» **Saved entries**

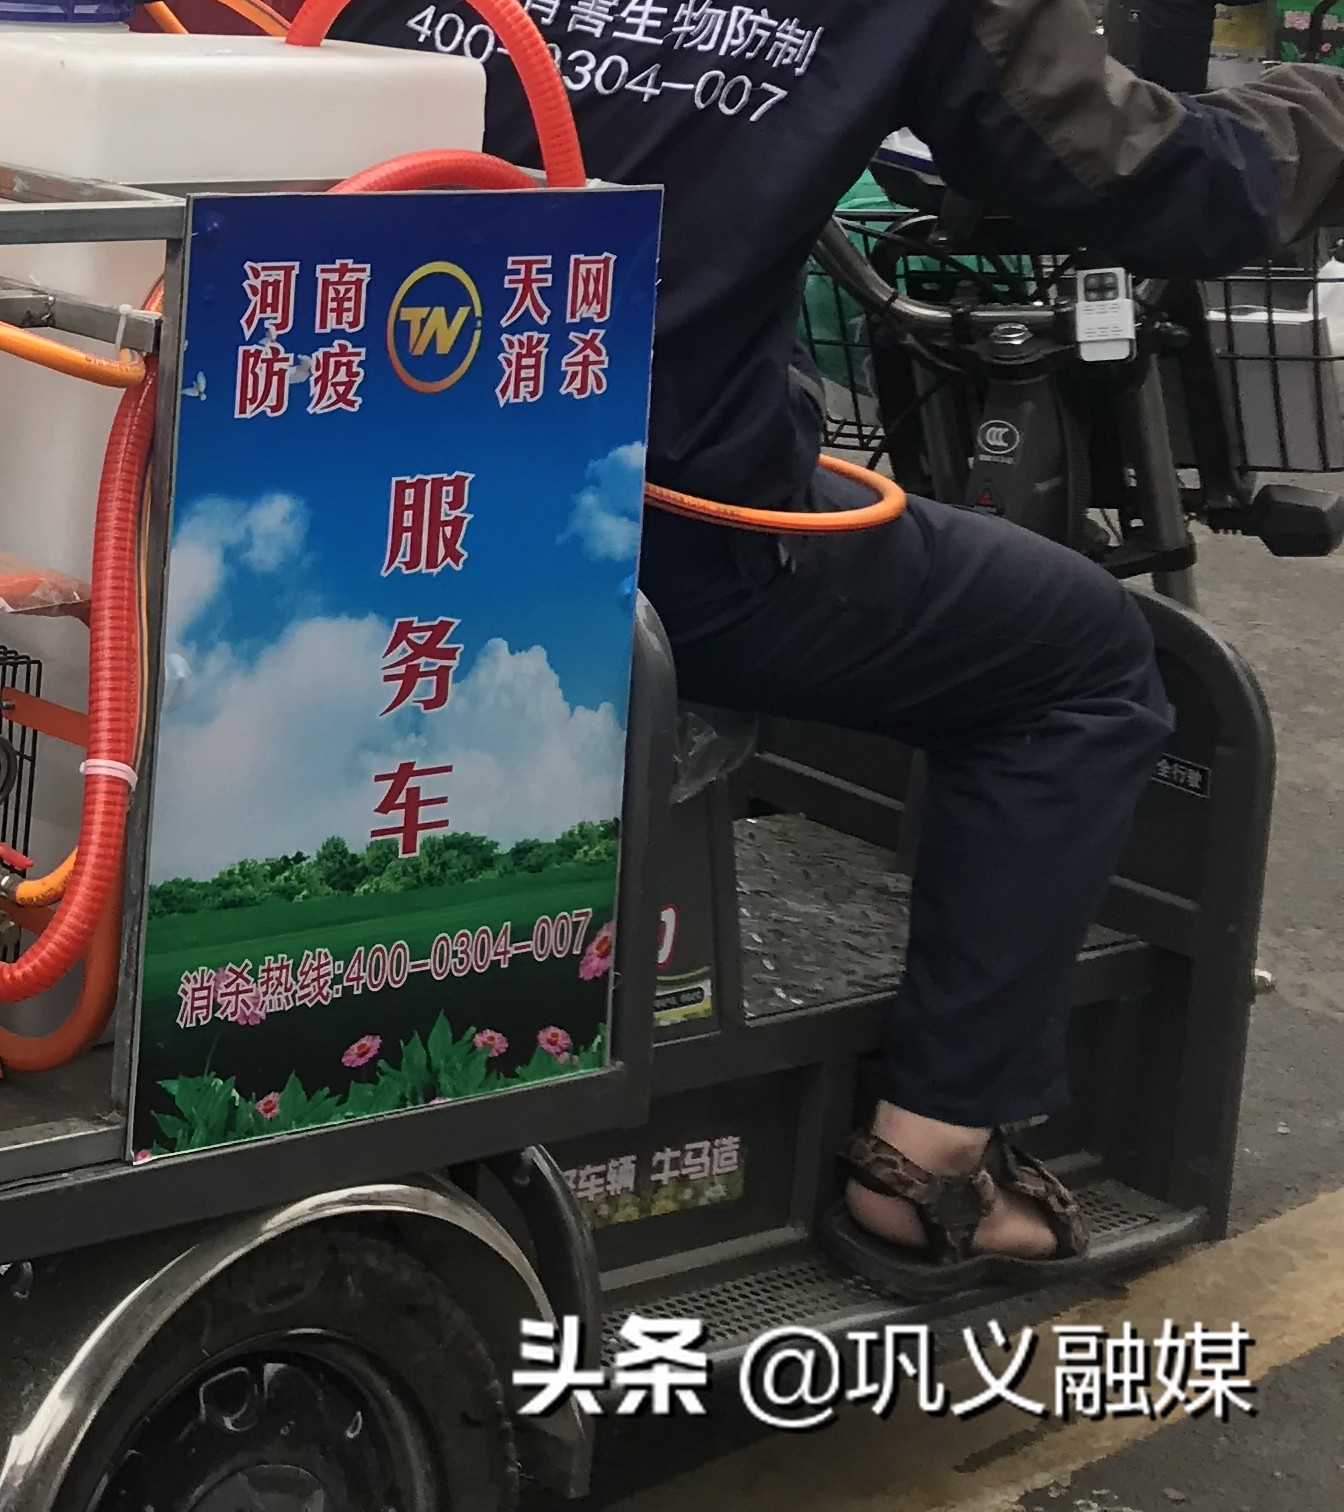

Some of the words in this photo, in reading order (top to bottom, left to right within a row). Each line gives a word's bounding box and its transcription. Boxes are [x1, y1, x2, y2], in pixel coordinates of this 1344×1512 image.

[240, 258, 372, 340] 河南
[499, 251, 617, 328] 天网
[233, 340, 367, 419] 防疫
[495, 328, 609, 408] 消杀
[369, 470, 475, 858] 服务车
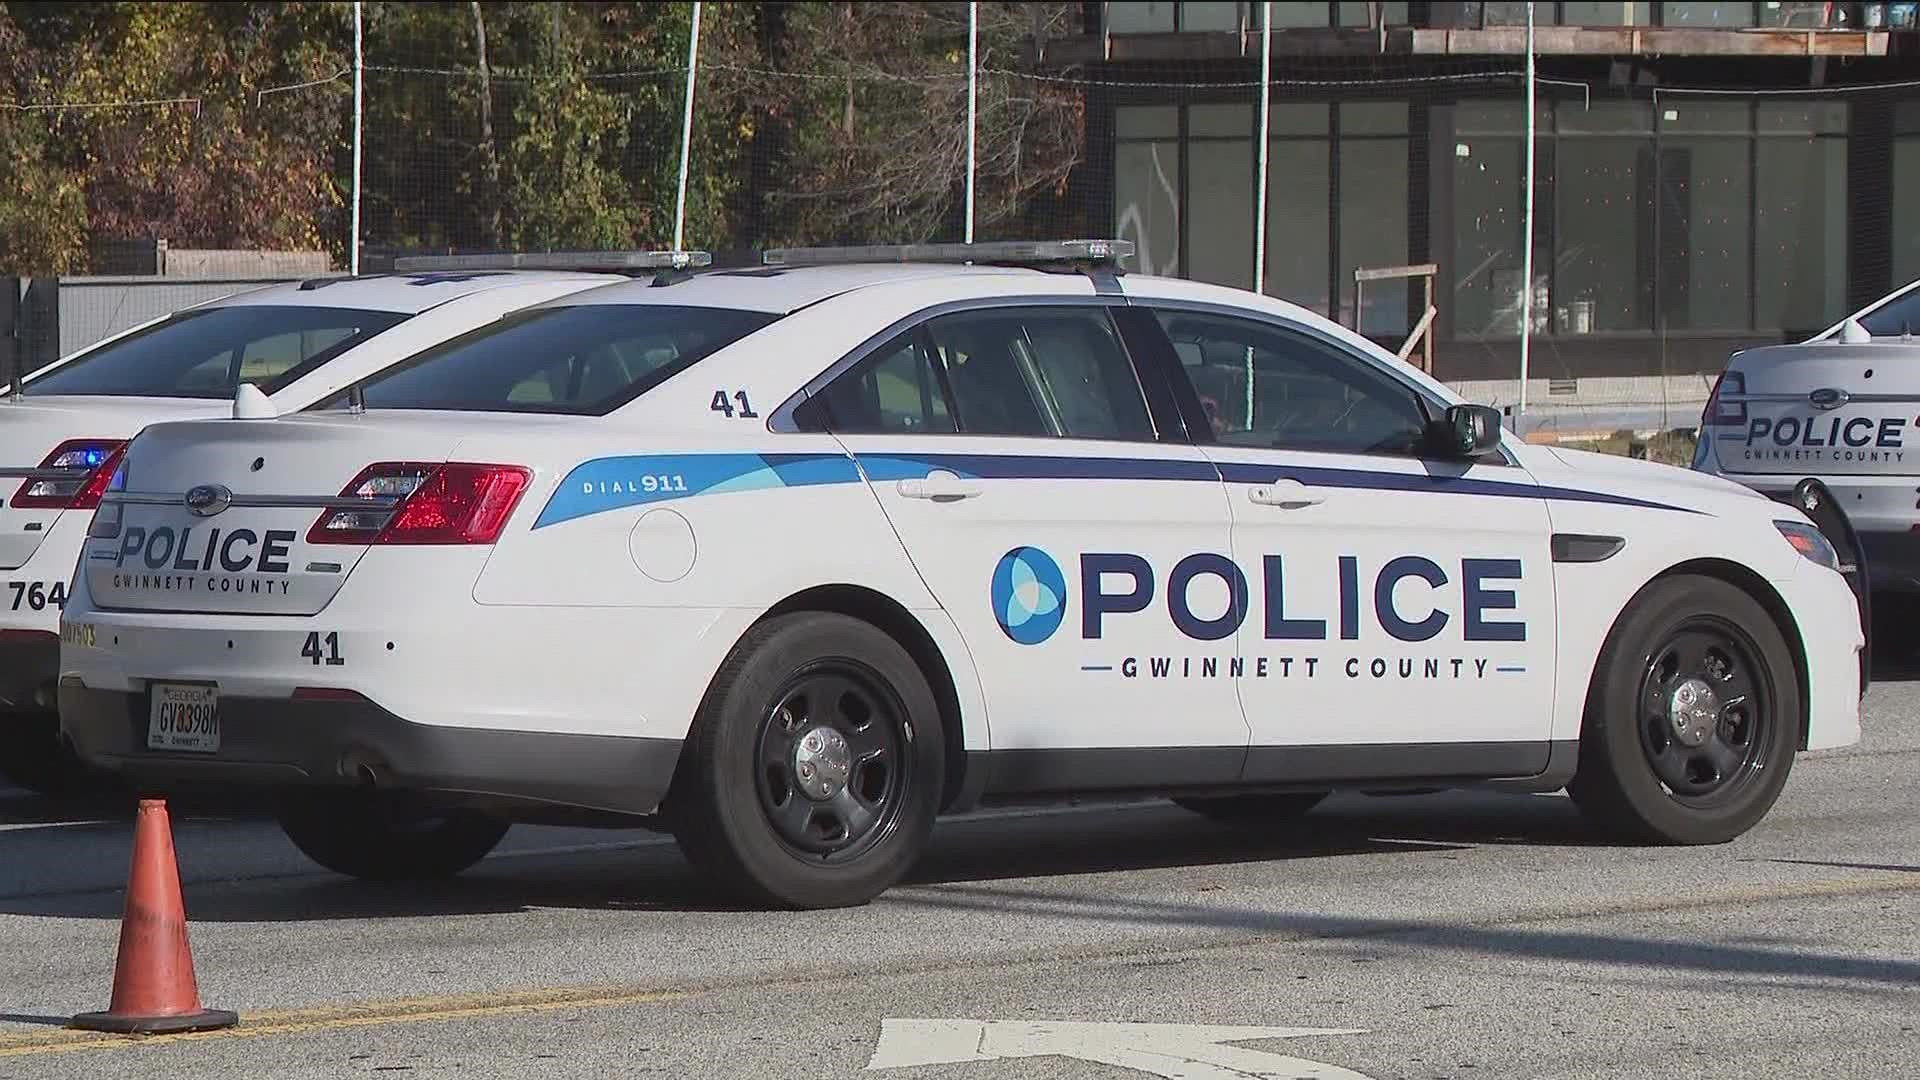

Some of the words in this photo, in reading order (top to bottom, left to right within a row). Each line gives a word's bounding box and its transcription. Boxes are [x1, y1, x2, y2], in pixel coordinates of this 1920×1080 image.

» **Exercise directions**
Leave out the pictures and repeat the remaining data exactly.

» **Result of this exercise**
Some of the words in this photo, in reading order (top to bottom, left to right within a row). Each line gives a word's bounding box and its transcription. Boxes are [x1, y1, x2, y2], in pixel coordinates of this 1344×1512 image.

[240, 258, 372, 340] 河南
[499, 251, 617, 328] 天网
[233, 340, 367, 419] 防疫
[495, 328, 609, 408] 消杀
[369, 470, 475, 858] 服务车

Some of the words in this photo, in reading order (top to bottom, left to right within a row). Each line gives a word's bounding box and its transcription. Boxes are [x1, y1, x2, y2], in pixel coordinates of this 1920×1080 image.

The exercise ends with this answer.